*Task requirements:* Produce an exact copy of all records below.

*Phrase grounding data:*
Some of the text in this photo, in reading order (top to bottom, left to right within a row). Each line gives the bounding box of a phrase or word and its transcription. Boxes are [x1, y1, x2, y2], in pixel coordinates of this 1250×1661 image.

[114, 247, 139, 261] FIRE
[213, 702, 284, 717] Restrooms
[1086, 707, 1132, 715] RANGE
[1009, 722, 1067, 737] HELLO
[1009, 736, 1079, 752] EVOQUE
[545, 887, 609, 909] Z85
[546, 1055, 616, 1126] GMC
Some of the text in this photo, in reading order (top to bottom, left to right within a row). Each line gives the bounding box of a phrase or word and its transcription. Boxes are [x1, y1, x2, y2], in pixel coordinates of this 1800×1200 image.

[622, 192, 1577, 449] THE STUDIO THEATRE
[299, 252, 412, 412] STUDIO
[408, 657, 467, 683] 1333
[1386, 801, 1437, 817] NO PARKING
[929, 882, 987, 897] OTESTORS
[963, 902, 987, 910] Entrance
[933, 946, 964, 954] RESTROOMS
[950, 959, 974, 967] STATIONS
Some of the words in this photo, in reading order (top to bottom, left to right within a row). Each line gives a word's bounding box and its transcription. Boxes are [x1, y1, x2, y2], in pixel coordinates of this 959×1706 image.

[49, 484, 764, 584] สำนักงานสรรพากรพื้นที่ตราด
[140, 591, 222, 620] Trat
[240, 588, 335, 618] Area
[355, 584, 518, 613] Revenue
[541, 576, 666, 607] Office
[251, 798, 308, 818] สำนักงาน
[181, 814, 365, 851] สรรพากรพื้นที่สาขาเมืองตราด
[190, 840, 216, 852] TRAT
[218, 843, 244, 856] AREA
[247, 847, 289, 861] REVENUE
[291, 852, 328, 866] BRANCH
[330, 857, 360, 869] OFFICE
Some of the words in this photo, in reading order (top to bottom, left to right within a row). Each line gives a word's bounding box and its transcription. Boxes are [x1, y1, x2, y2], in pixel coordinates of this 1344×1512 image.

*Answer space:*
Some of the text in this photo, in reading order (top to bottom, left to right within a row). Each line gives the bounding box of a phrase or word and its transcription. Boxes are [x1, y1, x2, y2], in pixel coordinates of this 1250×1661 image.

[114, 247, 139, 261] FIRE
[213, 702, 284, 717] Restrooms
[1086, 707, 1132, 715] RANGE
[1009, 722, 1067, 737] HELLO
[1009, 736, 1079, 752] EVOQUE
[545, 887, 609, 909] Z85
[546, 1055, 616, 1126] GMC
Some of the text in this photo, in reading order (top to bottom, left to right within a row). Each line gives the bounding box of a phrase or word and its transcription. Boxes are [x1, y1, x2, y2], in pixel coordinates of this 1800×1200 image.

[622, 192, 1577, 449] THE STUDIO THEATRE
[299, 252, 412, 412] STUDIO
[408, 657, 467, 683] 1333
[1386, 801, 1437, 817] NO PARKING
[929, 882, 987, 897] OTESTORS
[963, 902, 987, 910] Entrance
[933, 946, 964, 954] RESTROOMS
[950, 959, 974, 967] STATIONS
Some of the words in this photo, in reading order (top to bottom, left to right within a row). Each line gives a word's bounding box and its transcription. Boxes are [x1, y1, x2, y2], in pixel coordinates of this 959×1706 image.

[49, 484, 764, 584] สำนักงานสรรพากรพื้นที่ตราด
[140, 591, 222, 620] Trat
[240, 588, 335, 618] Area
[355, 584, 518, 613] Revenue
[541, 576, 666, 607] Office
[251, 798, 308, 818] สำนักงาน
[181, 814, 365, 851] สรรพากรพื้นที่สาขาเมืองตราด
[190, 840, 216, 852] TRAT
[218, 843, 244, 856] AREA
[247, 847, 289, 861] REVENUE
[291, 852, 328, 866] BRANCH
[330, 857, 360, 869] OFFICE
Some of the words in this photo, in reading order (top to bottom, left to right within a row). Each line gives a word's bounding box and its transcription. Boxes are [x1, y1, x2, y2], in pixel coordinates of this 1344×1512 image.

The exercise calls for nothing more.